Stored entries:

------------------------------------

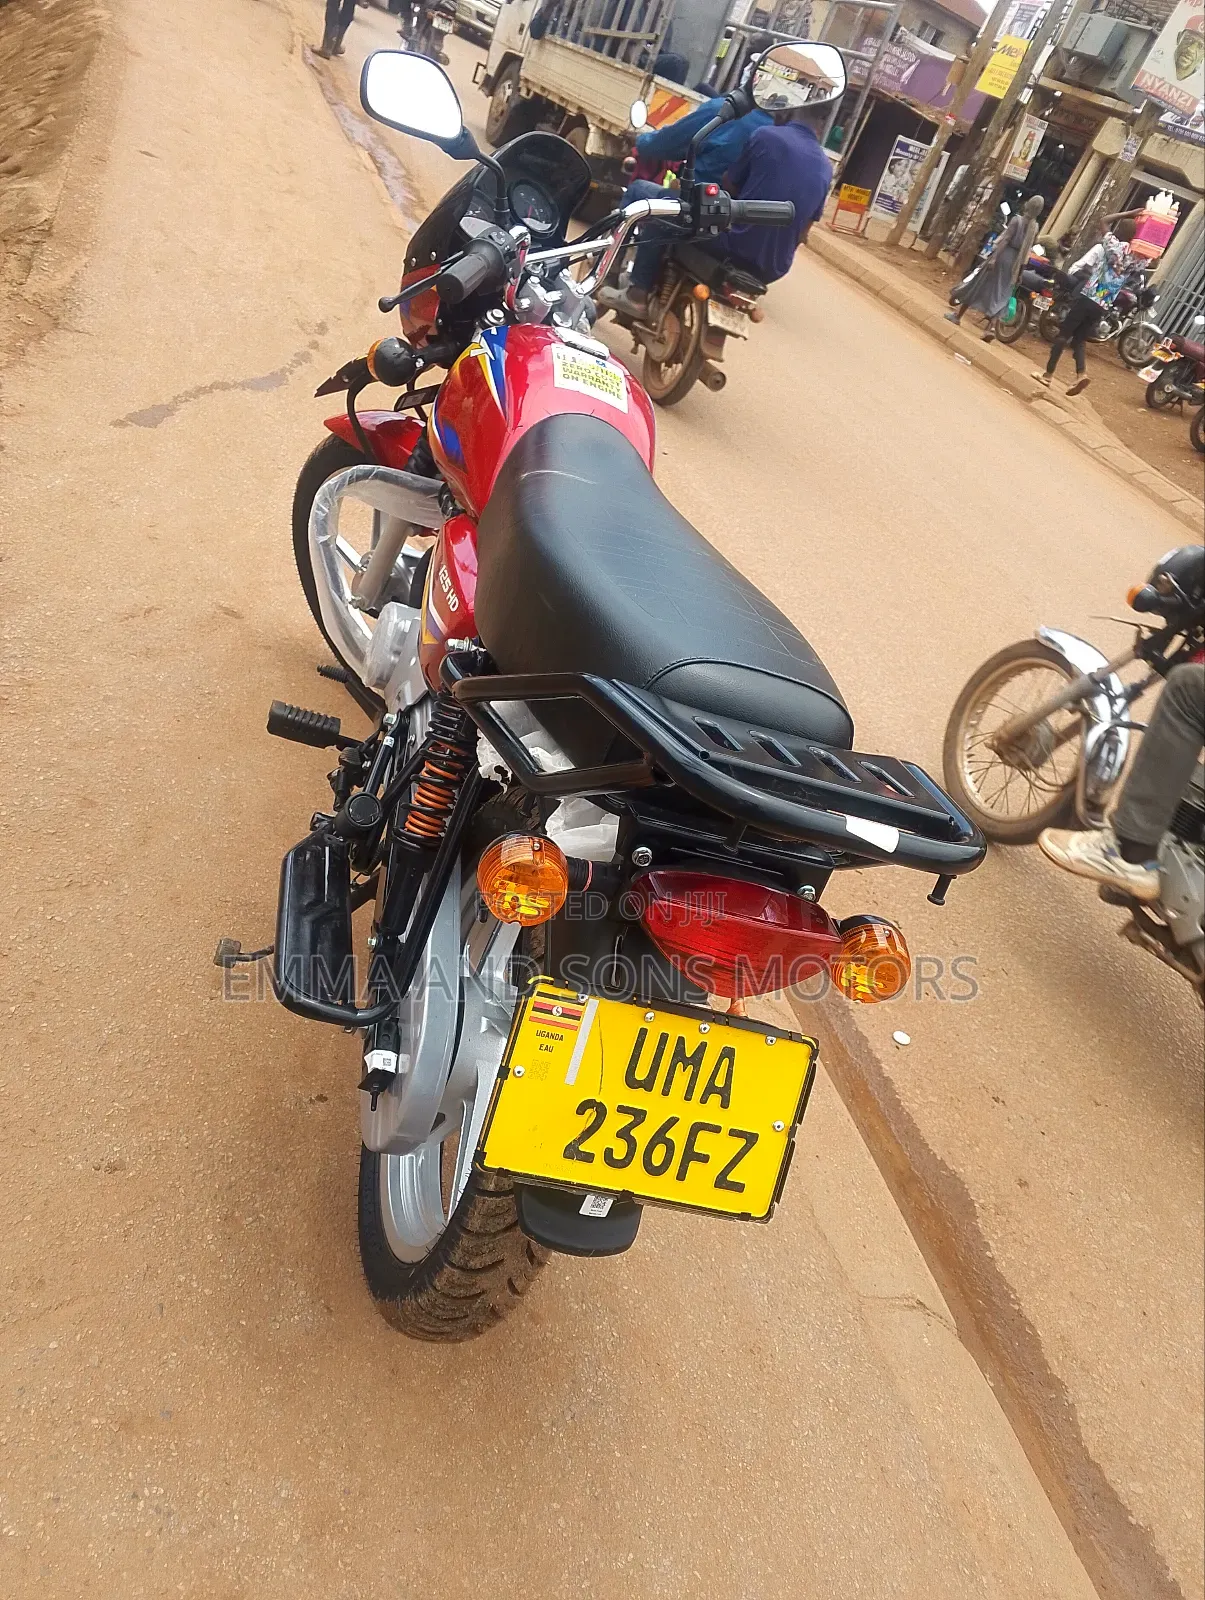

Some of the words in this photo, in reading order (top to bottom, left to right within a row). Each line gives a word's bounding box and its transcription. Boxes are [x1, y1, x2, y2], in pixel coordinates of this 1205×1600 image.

[1141, 72, 1193, 107] NYANZI
[562, 361, 591, 374] ZERO
[594, 372, 619, 387] COST
[562, 367, 621, 393] WARRANTY
[562, 373, 579, 382] ON
[582, 379, 623, 400] ENGINE
[438, 564, 452, 593] 125
[446, 588, 459, 612] HD
[535, 1029, 564, 1042] UGANDA
[539, 1044, 554, 1054] EAU
[624, 1027, 737, 1109] UMA
[562, 1098, 759, 1193] 236FZ
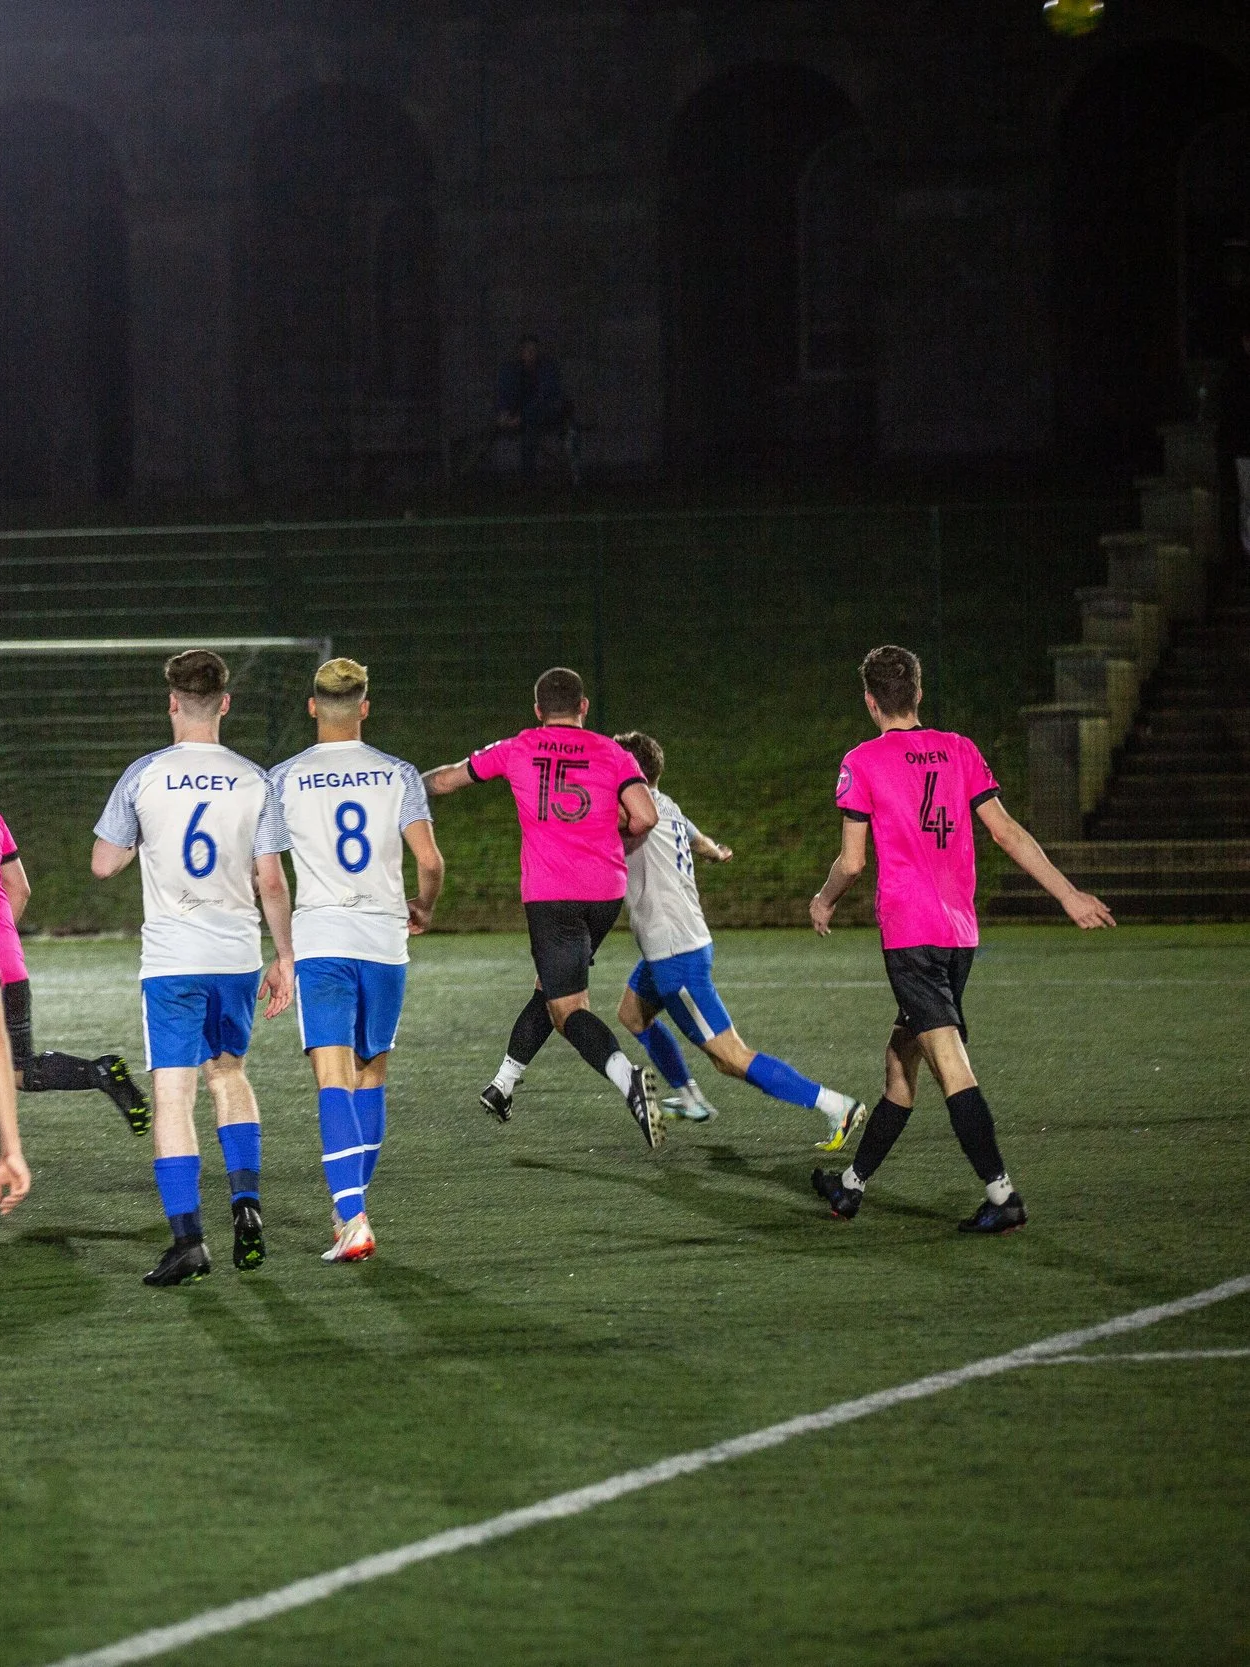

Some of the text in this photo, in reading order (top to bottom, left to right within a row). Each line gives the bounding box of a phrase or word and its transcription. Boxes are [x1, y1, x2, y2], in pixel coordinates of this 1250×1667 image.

[537, 741, 585, 754] HAIGH
[905, 750, 949, 765] OWEN
[166, 774, 238, 791] LACEY
[299, 771, 394, 791] HEGARTY
[532, 757, 591, 823] 15
[919, 771, 955, 849] 4
[183, 801, 217, 879] 6
[335, 800, 371, 873] 8
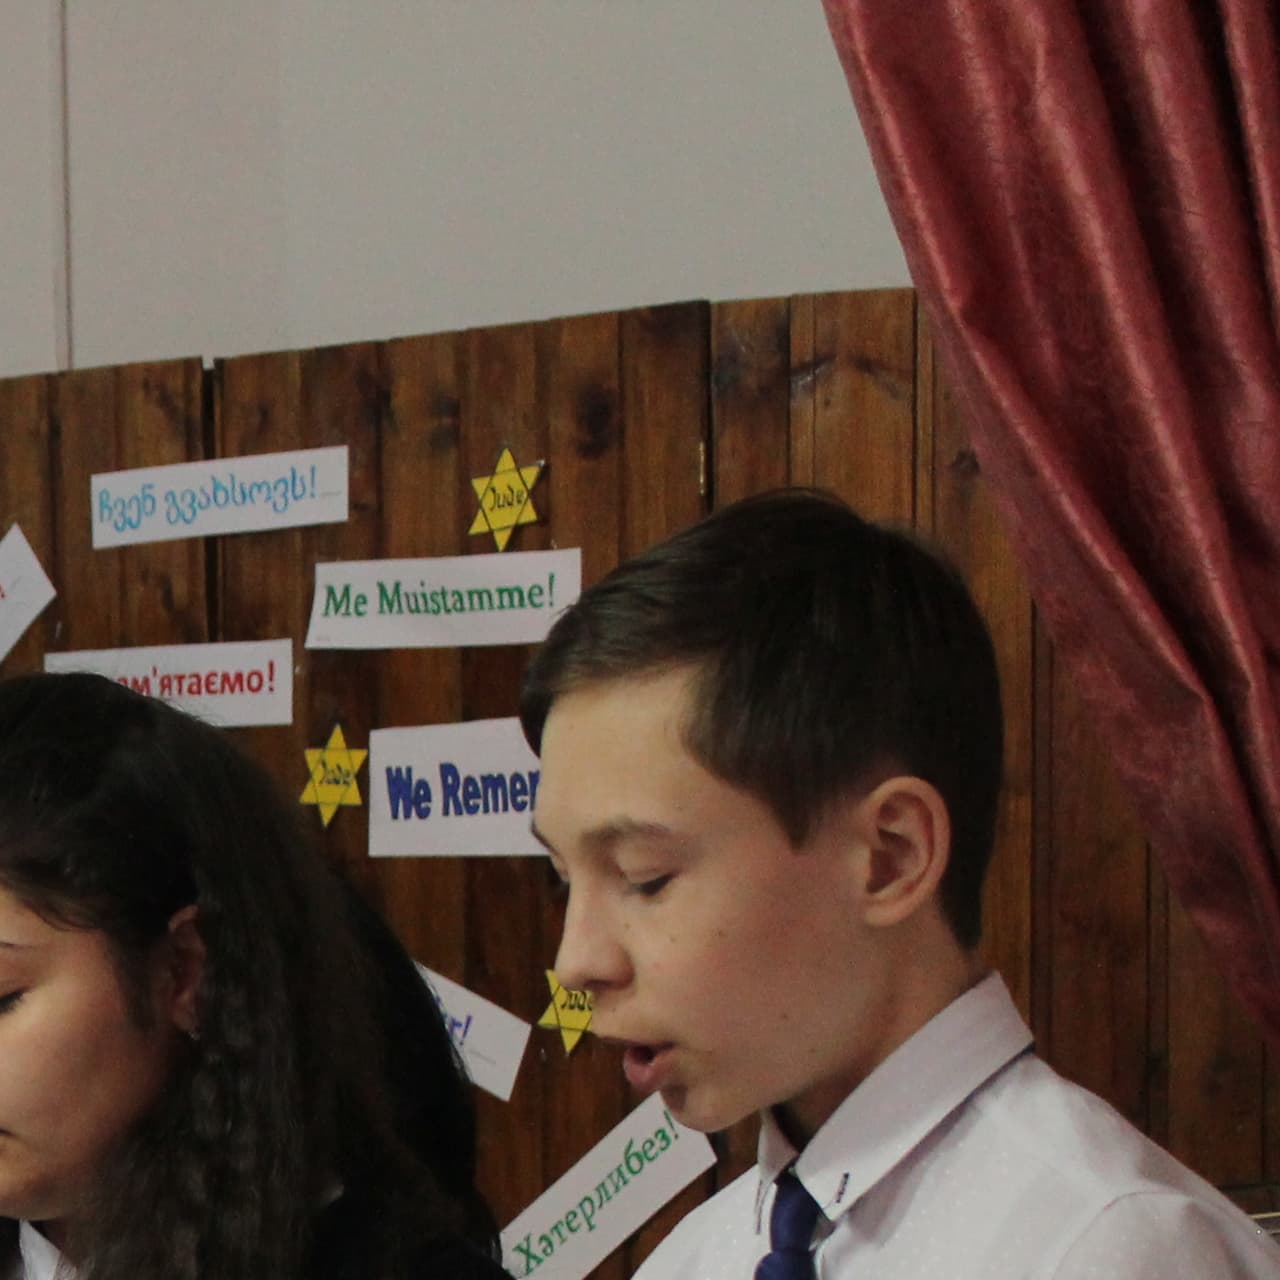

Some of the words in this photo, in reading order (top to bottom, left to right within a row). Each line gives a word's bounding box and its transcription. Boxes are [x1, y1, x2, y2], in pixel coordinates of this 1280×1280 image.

[323, 584, 368, 618] Me
[377, 572, 556, 616] Muistamme!
[118, 660, 276, 697] м'ятаємо!
[386, 765, 431, 820] We
[512, 1109, 680, 1276] Хәтерлибез!

------------------------------------

• Work to be completed: Your job is to copy every entry exactly. Omit the pictures.

• Task solution:
Some of the words in this photo, in reading order (top to bottom, left to right within a row). Each line gives a word's bounding box and its transcription. Boxes are [x1, y1, x2, y2], in pixel coordinates of this 1205×1600 image.

[1141, 72, 1193, 107] NYANZI
[562, 361, 591, 374] ZERO
[594, 372, 619, 387] COST
[562, 367, 621, 393] WARRANTY
[562, 373, 579, 382] ON
[582, 379, 623, 400] ENGINE
[438, 564, 452, 593] 125
[446, 588, 459, 612] HD
[535, 1029, 564, 1042] UGANDA
[539, 1044, 554, 1054] EAU
[624, 1027, 737, 1109] UMA
[562, 1098, 759, 1193] 236FZ

Some of the text in this photo, in reading order (top to bottom, left to right within a row). Each line gives the bounding box of a phrase or word and its transcription. Boxes are [x1, y1, x2, y2], in pixel coordinates of this 1250×1667 image.

[537, 741, 585, 754] HAIGH
[905, 750, 949, 765] OWEN
[166, 774, 238, 791] LACEY
[299, 771, 394, 791] HEGARTY
[532, 757, 591, 823] 15
[919, 771, 955, 849] 4
[183, 801, 217, 879] 6
[335, 800, 371, 873] 8

Some of the words in this photo, in reading order (top to bottom, left to right within a row). Each line gives a word's bounding box and its transcription. Boxes are [x1, y1, x2, y2], in pixel coordinates of this 1280×1280 image.

[323, 584, 368, 618] Me
[377, 572, 556, 616] Muistamme!
[118, 660, 276, 697] м'ятаємо!
[386, 765, 431, 820] We
[512, 1109, 680, 1276] Хәтерлибез!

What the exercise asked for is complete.